EXERCISE PROMPT: Reproduce the full listing that follows, matching it exactly.

EXERCISE INPUTS:
:::

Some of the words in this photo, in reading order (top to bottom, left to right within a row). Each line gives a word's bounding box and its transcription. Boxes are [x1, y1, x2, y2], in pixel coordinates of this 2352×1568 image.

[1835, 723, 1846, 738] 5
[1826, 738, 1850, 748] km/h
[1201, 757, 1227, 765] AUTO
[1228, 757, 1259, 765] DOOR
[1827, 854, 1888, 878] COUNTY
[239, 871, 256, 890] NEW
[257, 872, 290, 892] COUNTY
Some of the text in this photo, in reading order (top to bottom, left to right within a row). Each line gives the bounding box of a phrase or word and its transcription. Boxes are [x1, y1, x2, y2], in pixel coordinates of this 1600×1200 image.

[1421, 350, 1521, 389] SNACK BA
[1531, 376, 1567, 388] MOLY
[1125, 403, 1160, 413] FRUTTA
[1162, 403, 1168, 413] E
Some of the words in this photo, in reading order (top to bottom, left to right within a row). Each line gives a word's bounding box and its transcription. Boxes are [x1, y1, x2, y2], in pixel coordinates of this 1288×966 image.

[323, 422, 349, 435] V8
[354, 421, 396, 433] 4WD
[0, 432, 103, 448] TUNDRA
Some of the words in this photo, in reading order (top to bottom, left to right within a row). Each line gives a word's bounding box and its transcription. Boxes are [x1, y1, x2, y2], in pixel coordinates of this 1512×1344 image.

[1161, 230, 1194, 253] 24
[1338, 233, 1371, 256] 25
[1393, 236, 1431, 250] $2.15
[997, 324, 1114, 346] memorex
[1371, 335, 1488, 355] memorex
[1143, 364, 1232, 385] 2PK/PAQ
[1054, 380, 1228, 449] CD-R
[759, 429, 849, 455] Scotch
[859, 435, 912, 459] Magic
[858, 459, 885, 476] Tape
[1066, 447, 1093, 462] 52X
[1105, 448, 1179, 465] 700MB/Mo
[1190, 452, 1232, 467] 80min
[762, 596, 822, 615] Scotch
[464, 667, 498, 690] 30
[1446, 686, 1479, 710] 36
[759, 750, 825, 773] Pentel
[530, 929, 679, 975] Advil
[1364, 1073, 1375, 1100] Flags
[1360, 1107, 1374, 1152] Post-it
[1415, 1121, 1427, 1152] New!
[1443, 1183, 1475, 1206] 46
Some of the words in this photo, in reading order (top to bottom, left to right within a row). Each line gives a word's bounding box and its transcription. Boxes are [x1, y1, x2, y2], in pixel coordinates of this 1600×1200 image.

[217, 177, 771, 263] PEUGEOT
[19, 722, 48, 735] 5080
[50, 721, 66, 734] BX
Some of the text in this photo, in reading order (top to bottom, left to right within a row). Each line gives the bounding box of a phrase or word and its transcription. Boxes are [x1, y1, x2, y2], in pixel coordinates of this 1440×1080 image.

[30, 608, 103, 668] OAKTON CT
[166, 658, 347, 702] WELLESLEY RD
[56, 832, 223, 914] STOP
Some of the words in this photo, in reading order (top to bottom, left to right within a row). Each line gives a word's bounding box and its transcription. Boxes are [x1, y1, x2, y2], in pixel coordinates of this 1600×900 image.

:::

ANSWER TO THE PROBLEM:
Some of the words in this photo, in reading order (top to bottom, left to right within a row). Each line gives a word's bounding box and its transcription. Boxes are [x1, y1, x2, y2], in pixel coordinates of this 2352×1568 image.

[1835, 723, 1846, 738] 5
[1826, 738, 1850, 748] km/h
[1201, 757, 1227, 765] AUTO
[1228, 757, 1259, 765] DOOR
[1827, 854, 1888, 878] COUNTY
[239, 871, 256, 890] NEW
[257, 872, 290, 892] COUNTY
Some of the text in this photo, in reading order (top to bottom, left to right within a row). Each line gives the bounding box of a phrase or word and its transcription. Boxes are [x1, y1, x2, y2], in pixel coordinates of this 1600×1200 image.

[1421, 350, 1521, 389] SNACK BA
[1531, 376, 1567, 388] MOLY
[1125, 403, 1160, 413] FRUTTA
[1162, 403, 1168, 413] E
Some of the words in this photo, in reading order (top to bottom, left to right within a row). Each line gives a word's bounding box and its transcription. Boxes are [x1, y1, x2, y2], in pixel coordinates of this 1288×966 image.

[323, 422, 349, 435] V8
[354, 421, 396, 433] 4WD
[0, 432, 103, 448] TUNDRA
Some of the words in this photo, in reading order (top to bottom, left to right within a row). Each line gives a word's bounding box and its transcription. Boxes are [x1, y1, x2, y2], in pixel coordinates of this 1512×1344 image.

[1161, 230, 1194, 253] 24
[1338, 233, 1371, 256] 25
[1393, 236, 1431, 250] $2.15
[997, 324, 1114, 346] memorex
[1371, 335, 1488, 355] memorex
[1143, 364, 1232, 385] 2PK/PAQ
[1054, 380, 1228, 449] CD-R
[759, 429, 849, 455] Scotch
[859, 435, 912, 459] Magic
[858, 459, 885, 476] Tape
[1066, 447, 1093, 462] 52X
[1105, 448, 1179, 465] 700MB/Mo
[1190, 452, 1232, 467] 80min
[762, 596, 822, 615] Scotch
[464, 667, 498, 690] 30
[1446, 686, 1479, 710] 36
[759, 750, 825, 773] Pentel
[530, 929, 679, 975] Advil
[1364, 1073, 1375, 1100] Flags
[1360, 1107, 1374, 1152] Post-it
[1415, 1121, 1427, 1152] New!
[1443, 1183, 1475, 1206] 46
Some of the words in this photo, in reading order (top to bottom, left to right within a row). Each line gives a word's bounding box and its transcription. Boxes are [x1, y1, x2, y2], in pixel coordinates of this 1600×1200 image.

[217, 177, 771, 263] PEUGEOT
[19, 722, 48, 735] 5080
[50, 721, 66, 734] BX
Some of the text in this photo, in reading order (top to bottom, left to right within a row). Each line gives the bounding box of a phrase or word and its transcription. Boxes are [x1, y1, x2, y2], in pixel coordinates of this 1440×1080 image.

[30, 608, 103, 668] OAKTON CT
[166, 658, 347, 702] WELLESLEY RD
[56, 832, 223, 914] STOP
Some of the words in this photo, in reading order (top to bottom, left to right within a row). Each line gives a word's bounding box and its transcription. Boxes are [x1, y1, x2, y2], in pixel coordinates of this 1600×900 image.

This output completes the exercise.